Brexit: World will not collapse if UK leaves EUMegan Kelly ▼ | June 19, 2016
On June 23, the citizens of the United Kingdom will made one of the biggest decisions they've ever made, but the picture is far from being so disastrous as some would like to paint it.
Leave or Remain Unbiased look at June 23 referendum
The EU is not just about economy, it is about politics.
In the EU, things are not so simple. The European Parliament is the only directly-elected EU body. Then, there are the European Commission, the Council of the European Union, and the European Council. Since the EU tries to balance the general interest of the EU with interests of member states, the decision making process differs depending on the subject.
Add to that the fact that the subject may be as serious as a decision to go to war, but also as bureaucratic as curvature of bananas, things can get very complicated and voters' will can easily be lost in Brussels' corridors.
To add even more complications to that, the EU is not just about economy and working together, it is about politicians who want all countries united under one flag. "Tighter integration" and "common banking system" are not some altruistic wishes; they are preparing all member states to gradually let the "Central State" take over all their executive decisions.
And that is a very dangerous situation because such experiments never worked. Two well-known examples are the Soviet Union and Yugoslavia. Both being formed on a loose idea, compromising radically different cultures, they both collapsed. No matter how good the underlying idea is, you can't force somebody to live with you and that's that fact.

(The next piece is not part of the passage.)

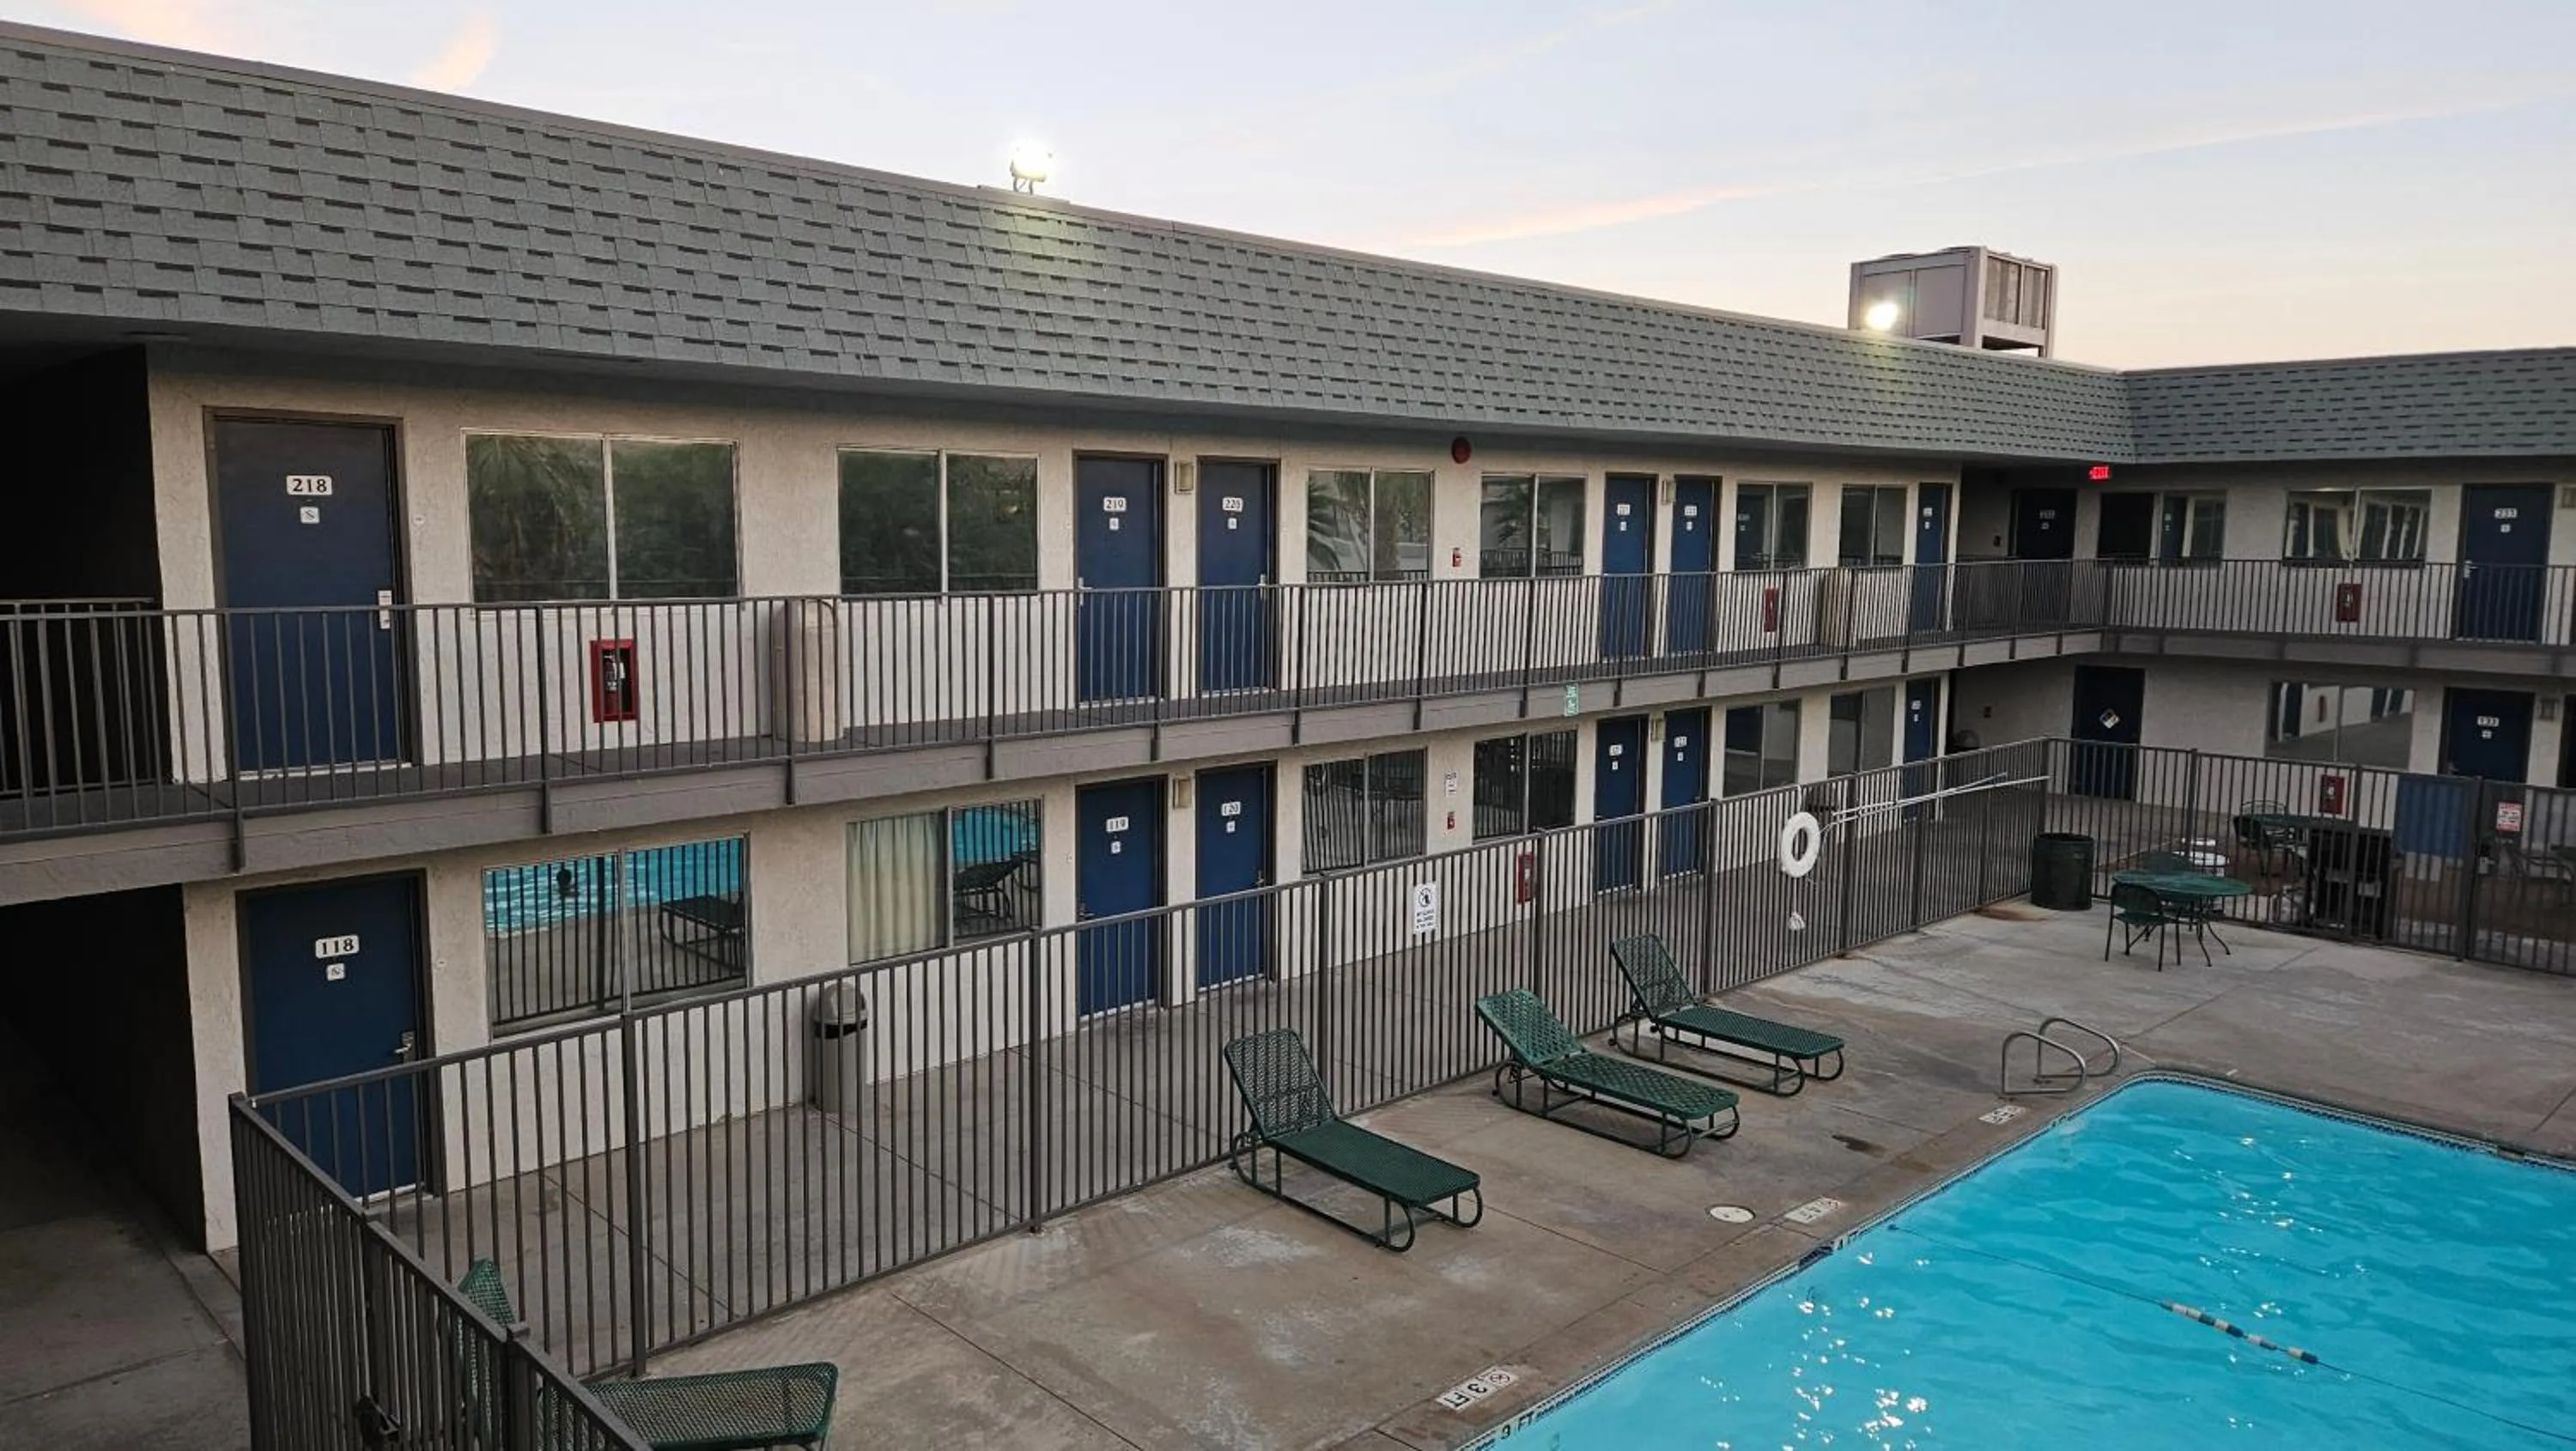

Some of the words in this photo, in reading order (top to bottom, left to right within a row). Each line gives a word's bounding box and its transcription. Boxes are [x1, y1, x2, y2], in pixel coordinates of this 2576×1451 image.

[293, 478, 327, 493] 218
[1105, 499, 1124, 509] 219
[322, 938, 354, 955] 118

The moment The Big Leader is gone, the whole concept is dead, and the experiment is over: you have a group of countries try to figure out what to do next. That brought some seriously bad times in the short run, but in the long run it all depends on the countries themselves: if their citizens elect good leadership, they will prosper. If not, there will be problems, just like things work in life anyway.
When the USSR collapsed, Russia was in economic problems, but as we can see, things are getting for the better, are nobody can say the breakdown of the USSR created a bunch of countries where people suffer. Every country is seeking for its own way and is more or less successful member of the global community.
So, who wants "one state"? The answer may be just one: politicians in Brussels who are sitting in their offices, being paid for doing purely bureaucratic work. We should recall that there was an economic union in Europe before the EU and it was a good idea and it worked well.
Countries were working together, trade barriers were being lowered and that was good. After the World War II, Europe gradually became an economically and politically very strong continent..
The same stand true for the UK. There were falls here and there, and that's normal, there was a global economic crisis - which nobody predicted! - and recovery again. So, things were working well. There are ups and downs along the way, but that's life, nothing is milk and honey all the time.
Instead of improving economic relations even further, politics stepped in with the idea of unified Europe and made things very complicated. Germany wants to spread its political influence but there you have France - a very strong country that protects its interest on many fields, from the language to GMO food - and Germany needs the UK as a political ally. And that leads us to a situation that dangerously threats democracy.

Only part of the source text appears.